For SELL (short) positions: -{[(Markup % * Price) / 365] – [1/NumDays * (Next – Front)]} * Units

An annual percentage markup is added to the current price of the instrument (such as oil), and then divided by 365 to reflect a daily rate. For long positions, to that we add the result of an equation where 1 is divided by the number of days between the expiration dates of the current (front) and the next contract for the relevant spot energy instrument, multiplied by the difference between the price of both contracts. The resulting number is then multiplied by the number of units in the position, to reflect the overnight fee. All negative numbers refer to a fee; all positive numbers show a credit.

Catherine buys one unit of oil. The current price is $65 and the current markup is 2.5%. The front contract expires in 22 days and oil is priced at $64 on it. The next contract expires in 52 days and oil is priced at $67 on it.

The equation will be: -{[(0.025 * 65) / 365] + [1/30 * (67-64)]} * 1

Which means the overnight fee for the position would be -$0.1044

Please note: The explanation above corresponds to an upwards sloping futures curve. On a downward sloping curve fees for buy and sell are reversed.

How does this affect you?

The fees apply to all of your currency, index and commodity positions held overnight or over the weekend. The overnight fee for each position is clearly displayed when opening a new position.
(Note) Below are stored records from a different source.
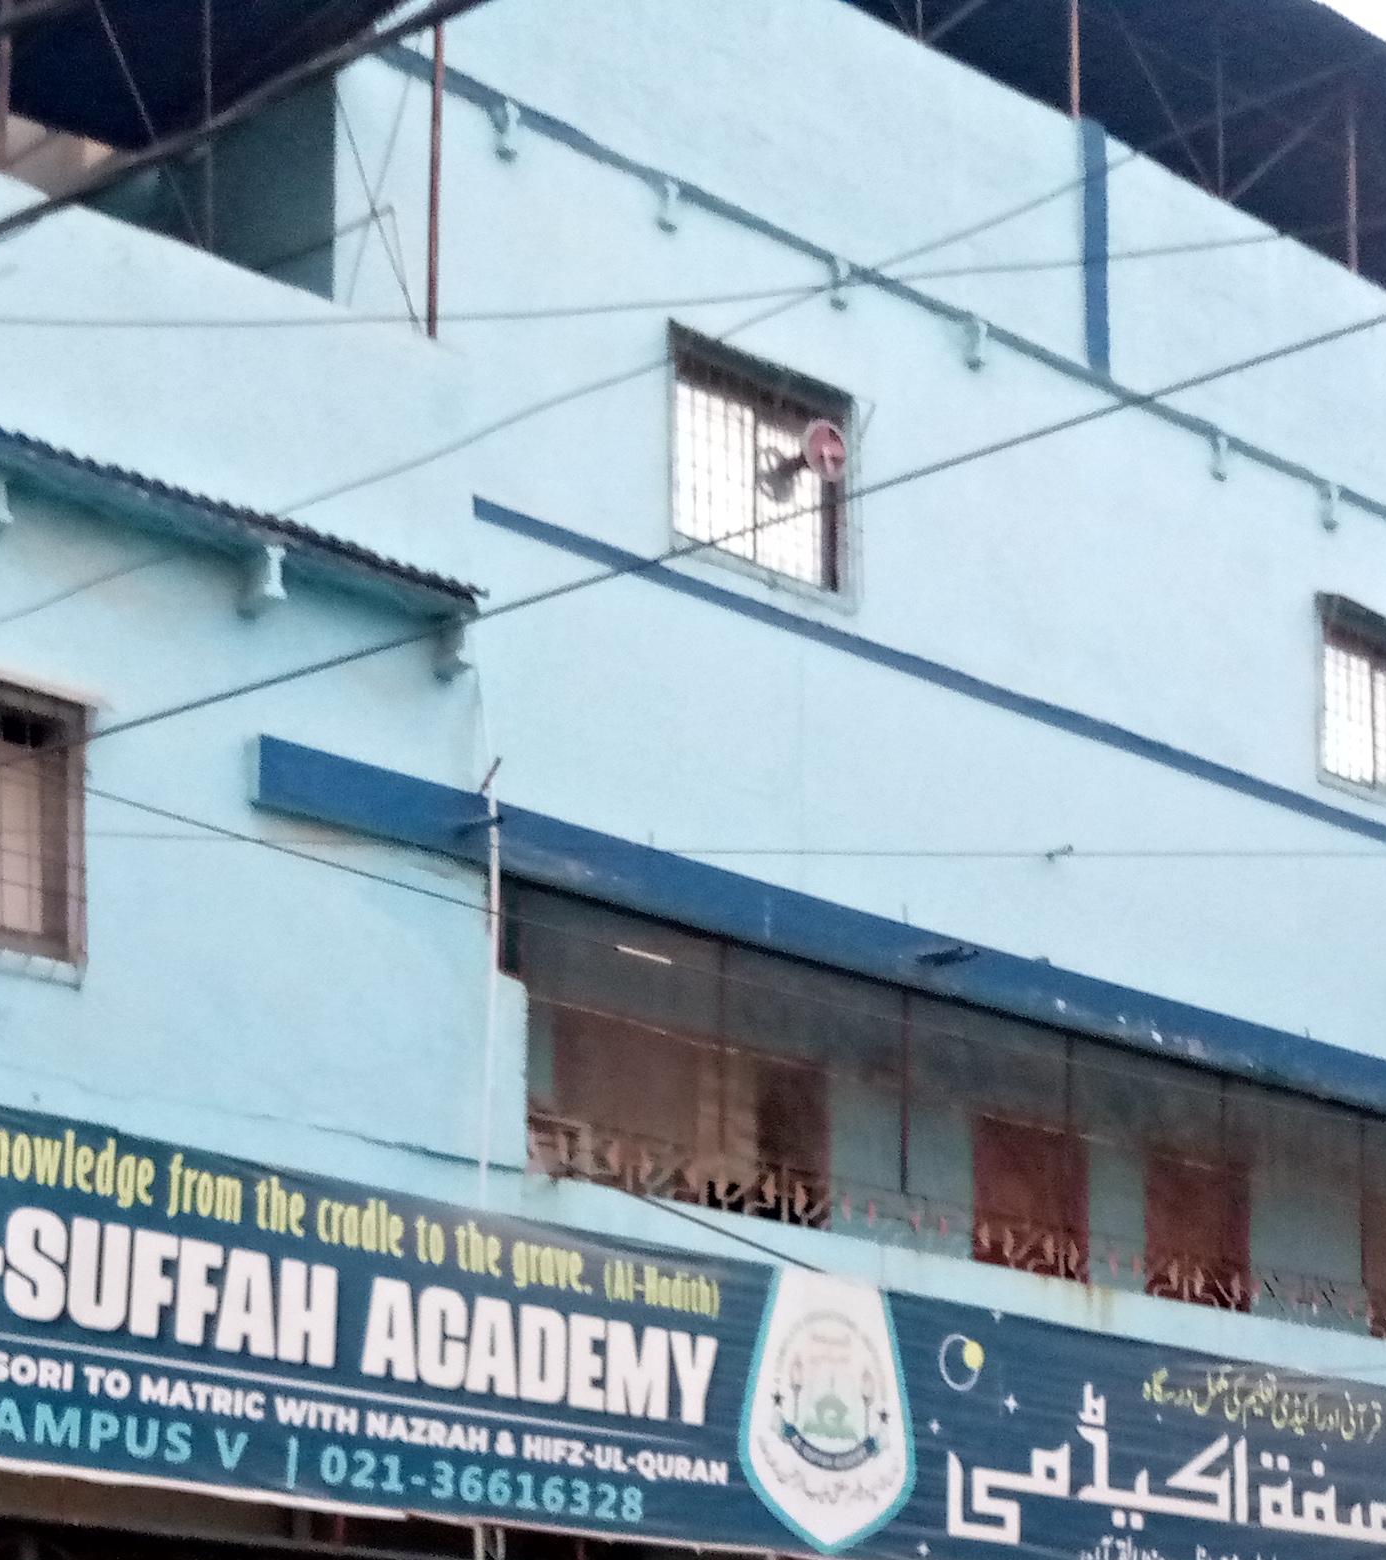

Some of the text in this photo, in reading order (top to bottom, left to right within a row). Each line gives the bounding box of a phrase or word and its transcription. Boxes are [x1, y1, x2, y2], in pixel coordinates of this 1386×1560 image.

[167, 1153, 243, 1224] from
[255, 1175, 306, 1238] the
[317, 1198, 404, 1258] cradle
[416, 1214, 446, 1266] to
[455, 1219, 502, 1277] the
[512, 1240, 593, 1295] grave.
[361, 1275, 718, 1427] ACADEMY
[83, 1364, 132, 1400] TO
[139, 1374, 265, 1422] MATRIC
[274, 1394, 359, 1436] WITH
[366, 1410, 489, 1454] NAZRAH
[494, 1430, 515, 1457] &
[523, 1433, 729, 1487] HIFZ-UL-QURAN
[215, 1428, 250, 1471] V
[319, 1443, 644, 1524] 021-36616328
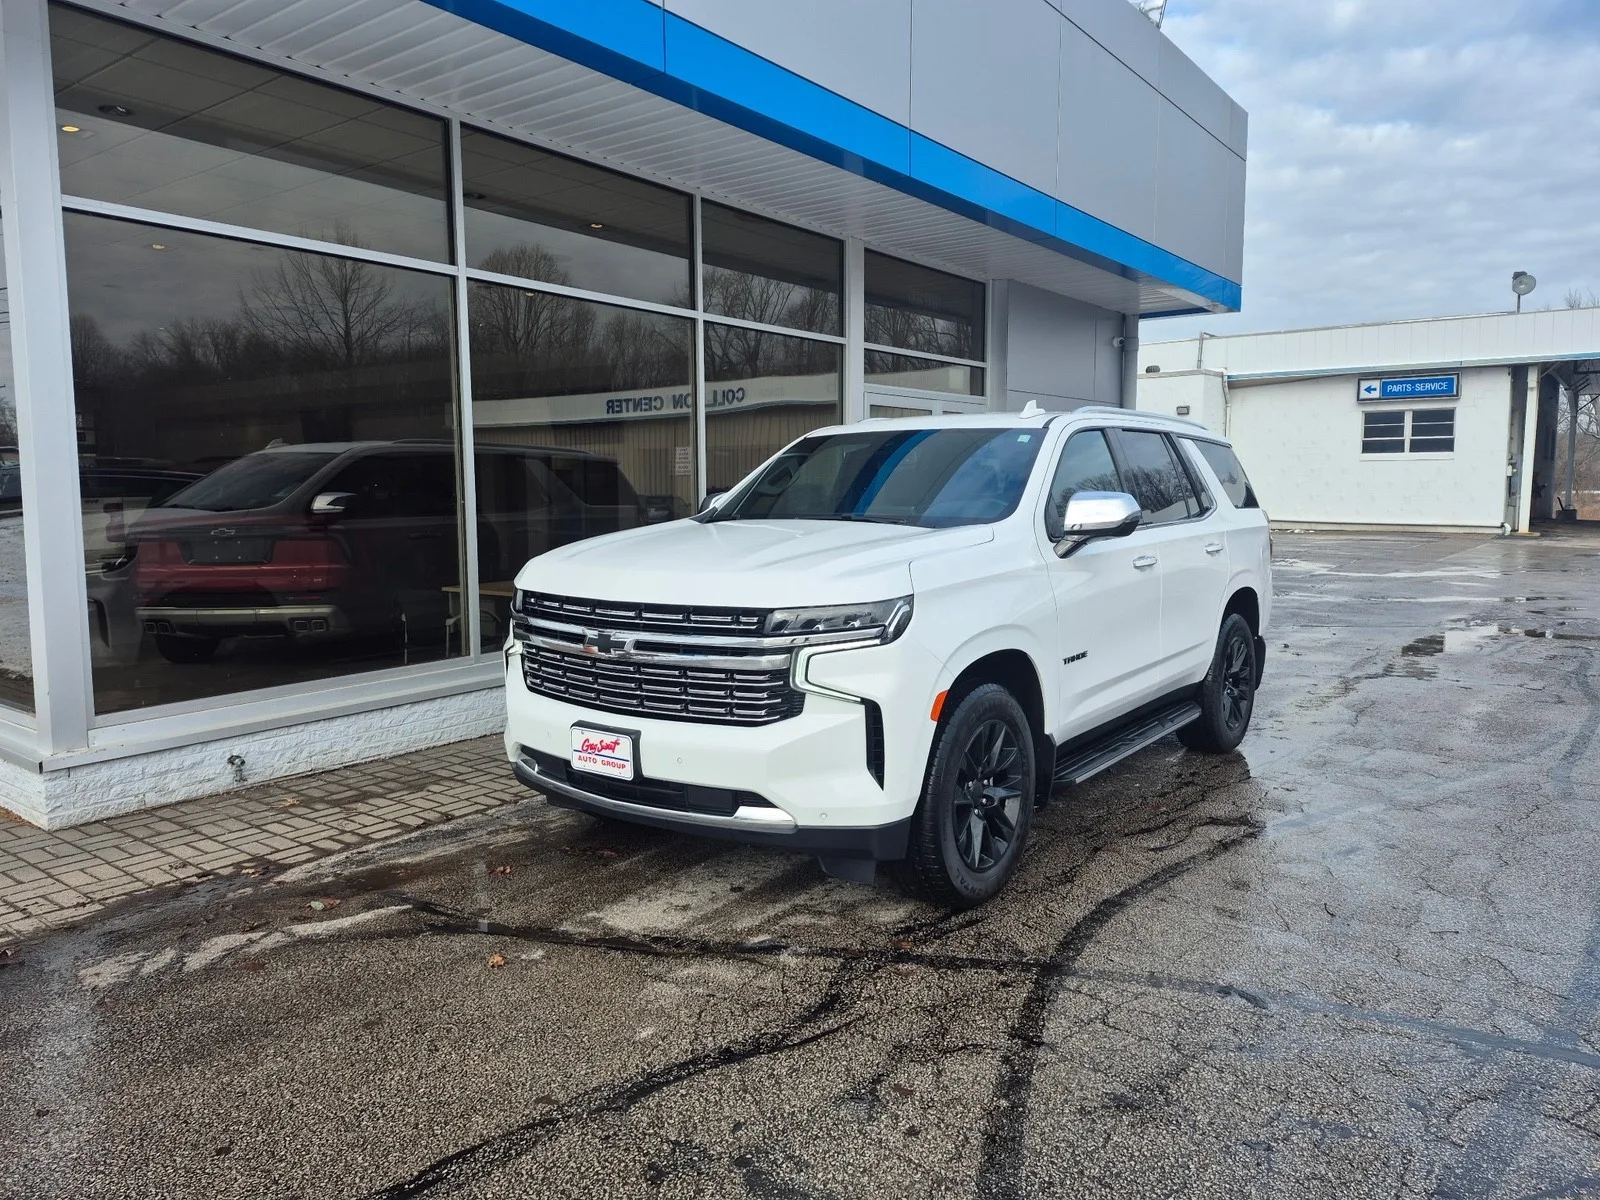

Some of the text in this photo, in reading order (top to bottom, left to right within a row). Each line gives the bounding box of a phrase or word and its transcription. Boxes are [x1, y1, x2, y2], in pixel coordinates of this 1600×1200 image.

[1387, 381, 1448, 393] PARTS-SERVICE
[578, 755, 627, 770] AUTO GROUP
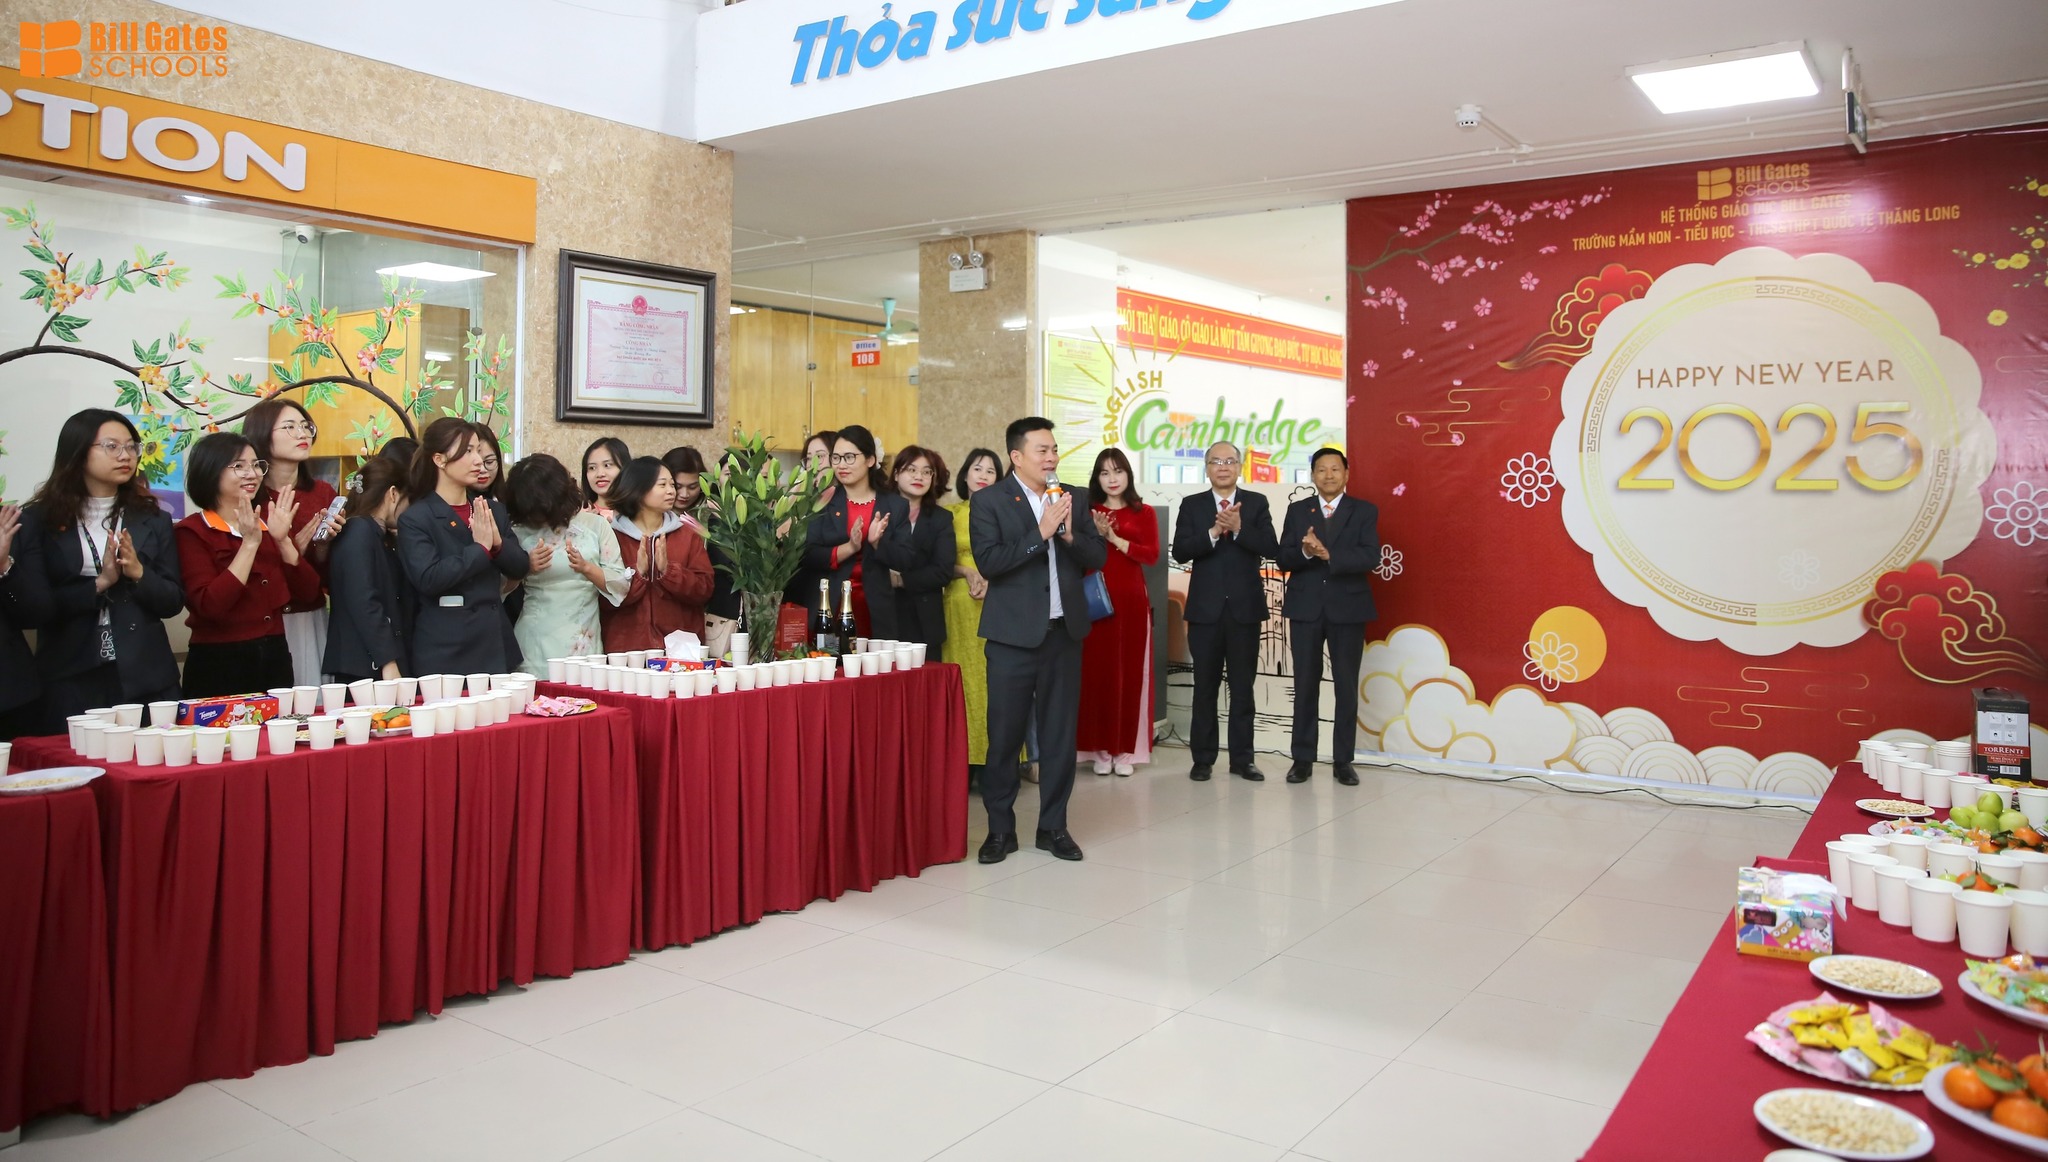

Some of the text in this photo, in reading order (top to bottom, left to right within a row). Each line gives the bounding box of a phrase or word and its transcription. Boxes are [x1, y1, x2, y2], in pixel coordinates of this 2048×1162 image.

[790, 3, 938, 86] Thỏa
[0, 88, 306, 191] TION
[1736, 163, 1810, 183] Bill Gates
[1736, 179, 1810, 197] SCHOOLS
[1661, 208, 1675, 227] HỆ
[1679, 202, 1717, 222] THỐNG
[1722, 201, 1749, 218] GIÁO
[1781, 198, 1806, 212] BILL
[1811, 194, 1852, 209] GATES
[1573, 235, 1616, 251] TRƯỜNG
[1649, 231, 1671, 244] NON
[1684, 222, 1708, 242] TIỂU
[1712, 225, 1734, 243] HỌC
[1878, 207, 1921, 225] THĂNG
[1925, 205, 1960, 222] LONG
[1159, 311, 1180, 343] GIÁO,
[1181, 314, 1191, 341] CÔ
[1192, 317, 1209, 345] GIÁO
[1210, 320, 1219, 346] LÀ
[856, 353, 874, 364] 108
[1637, 360, 1894, 389] HAPPY NEW YEAR
[1103, 370, 1162, 446] ENGLISH
[1125, 397, 1322, 465] Cambridge
[1618, 402, 1923, 491] 2025
[199, 710, 217, 720] Tempo
[1984, 746, 2024, 755] TORRENTE
We realize that not all of our traders manually calculate overnight fees for each of their positions. However, since one of our core values is transparency, we want you to understand how our fees are calculated. We hope that you now have a better understanding of our fees and realize that this is not an arbitrary number added to your positions, but rather, a fee calculated using standard industry rates.

Your capital is at risk. This is not investment advice. CFD trading.